Related: Apollo 11 at 50: A Complete Guide to the Historic Moon Landing Mission

On July 15, all 12 digitally remastered episodes will be available to watch on HBO Go, HBO Now and HBO On Demand. Then, on July 20 — the 50th anniversary of the first moon landing — HBO2 will air a marathon of the complete series, starting at 8:45 a.m. (ET/PT).

HBO is also releasing "From the Earth to the Moon" on Blu-ray on July 16, with remixed audio in Dolby ATMOS and an "Inside the Remastering" featurette, which provides a behind-the-scenes look at the "decision-making process and work put into updating and replacing the previous CG effects."

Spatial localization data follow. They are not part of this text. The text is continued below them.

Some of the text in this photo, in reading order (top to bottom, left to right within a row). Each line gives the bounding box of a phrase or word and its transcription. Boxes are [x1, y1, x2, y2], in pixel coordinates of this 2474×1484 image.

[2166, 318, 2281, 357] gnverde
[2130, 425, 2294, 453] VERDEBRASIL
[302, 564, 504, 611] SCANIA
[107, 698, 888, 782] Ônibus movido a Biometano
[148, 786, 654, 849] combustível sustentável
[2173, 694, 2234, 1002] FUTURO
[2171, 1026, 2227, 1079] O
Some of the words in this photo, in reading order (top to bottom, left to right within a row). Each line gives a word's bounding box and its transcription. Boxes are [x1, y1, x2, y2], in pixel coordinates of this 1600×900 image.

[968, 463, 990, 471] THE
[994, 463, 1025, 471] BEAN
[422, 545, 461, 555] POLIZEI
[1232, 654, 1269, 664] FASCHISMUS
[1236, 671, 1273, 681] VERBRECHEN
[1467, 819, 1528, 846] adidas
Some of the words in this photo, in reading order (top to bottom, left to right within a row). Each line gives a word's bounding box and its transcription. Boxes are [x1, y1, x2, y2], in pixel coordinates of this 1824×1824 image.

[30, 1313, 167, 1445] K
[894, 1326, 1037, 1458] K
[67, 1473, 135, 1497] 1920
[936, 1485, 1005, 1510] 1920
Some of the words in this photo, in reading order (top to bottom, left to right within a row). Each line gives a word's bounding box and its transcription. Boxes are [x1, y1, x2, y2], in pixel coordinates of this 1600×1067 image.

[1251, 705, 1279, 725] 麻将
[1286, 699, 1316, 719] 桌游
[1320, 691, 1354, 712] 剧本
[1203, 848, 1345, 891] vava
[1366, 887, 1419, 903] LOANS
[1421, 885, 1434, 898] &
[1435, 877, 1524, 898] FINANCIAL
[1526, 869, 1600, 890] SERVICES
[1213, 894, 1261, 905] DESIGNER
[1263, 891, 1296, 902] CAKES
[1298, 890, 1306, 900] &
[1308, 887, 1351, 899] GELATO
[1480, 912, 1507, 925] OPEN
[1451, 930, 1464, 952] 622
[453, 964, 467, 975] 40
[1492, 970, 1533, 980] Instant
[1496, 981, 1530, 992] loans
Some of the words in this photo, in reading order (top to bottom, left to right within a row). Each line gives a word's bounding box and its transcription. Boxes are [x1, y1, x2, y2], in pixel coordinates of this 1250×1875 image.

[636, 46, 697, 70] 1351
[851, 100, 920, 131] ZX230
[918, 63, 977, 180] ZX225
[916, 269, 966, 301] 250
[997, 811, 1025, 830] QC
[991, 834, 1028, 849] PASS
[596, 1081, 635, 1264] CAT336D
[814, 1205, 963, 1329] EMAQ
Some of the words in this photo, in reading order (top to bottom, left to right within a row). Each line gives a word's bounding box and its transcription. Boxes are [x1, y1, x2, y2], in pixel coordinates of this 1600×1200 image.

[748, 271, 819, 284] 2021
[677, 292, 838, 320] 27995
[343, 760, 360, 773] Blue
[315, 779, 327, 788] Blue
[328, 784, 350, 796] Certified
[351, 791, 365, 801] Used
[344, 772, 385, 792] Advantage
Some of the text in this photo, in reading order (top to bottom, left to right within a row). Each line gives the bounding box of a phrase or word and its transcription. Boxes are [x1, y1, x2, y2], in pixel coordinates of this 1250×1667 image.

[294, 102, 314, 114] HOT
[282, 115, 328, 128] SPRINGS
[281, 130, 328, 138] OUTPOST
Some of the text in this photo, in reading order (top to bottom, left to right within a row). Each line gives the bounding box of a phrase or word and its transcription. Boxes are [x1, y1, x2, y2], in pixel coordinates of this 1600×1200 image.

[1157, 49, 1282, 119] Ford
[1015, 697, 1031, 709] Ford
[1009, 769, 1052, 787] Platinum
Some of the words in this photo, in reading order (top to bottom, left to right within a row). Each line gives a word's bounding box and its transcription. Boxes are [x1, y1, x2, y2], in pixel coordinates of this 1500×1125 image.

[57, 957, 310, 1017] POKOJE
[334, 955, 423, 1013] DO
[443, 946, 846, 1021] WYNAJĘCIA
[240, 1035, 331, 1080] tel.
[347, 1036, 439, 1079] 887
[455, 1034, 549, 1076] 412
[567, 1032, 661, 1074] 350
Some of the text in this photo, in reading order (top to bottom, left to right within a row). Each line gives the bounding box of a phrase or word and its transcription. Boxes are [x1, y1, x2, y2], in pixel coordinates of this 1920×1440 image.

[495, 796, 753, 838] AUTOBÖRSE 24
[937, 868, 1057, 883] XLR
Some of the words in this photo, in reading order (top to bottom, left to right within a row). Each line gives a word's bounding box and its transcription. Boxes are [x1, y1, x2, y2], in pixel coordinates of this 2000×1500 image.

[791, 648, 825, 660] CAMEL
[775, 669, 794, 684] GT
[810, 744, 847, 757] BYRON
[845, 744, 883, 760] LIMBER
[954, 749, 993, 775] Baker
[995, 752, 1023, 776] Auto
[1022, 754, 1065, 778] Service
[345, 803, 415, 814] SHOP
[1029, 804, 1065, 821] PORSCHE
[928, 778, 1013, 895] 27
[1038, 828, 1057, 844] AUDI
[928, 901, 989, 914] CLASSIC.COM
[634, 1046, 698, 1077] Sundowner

Co-produced by Tom Hanks, Brian Grazer, Ron Howard and Michael Bostick, the same team behind the 1995 feature film "Apollo 13," HBO's "From the Earth to the Moon" follows the early years of the U.S. space program through the six missions that landed 12 Americans on the moon.

With a budget of $65 million, "From the Earth to the Moon" took over two sound stages at Disney-MGM Studios (today, Disney's Hollywood Studios) in Orlando, Florida, and was filmed at NASA's Kennedy Space Center at Cape Canaveral and Edwards Air Force Base in California, among more than 100 other locations.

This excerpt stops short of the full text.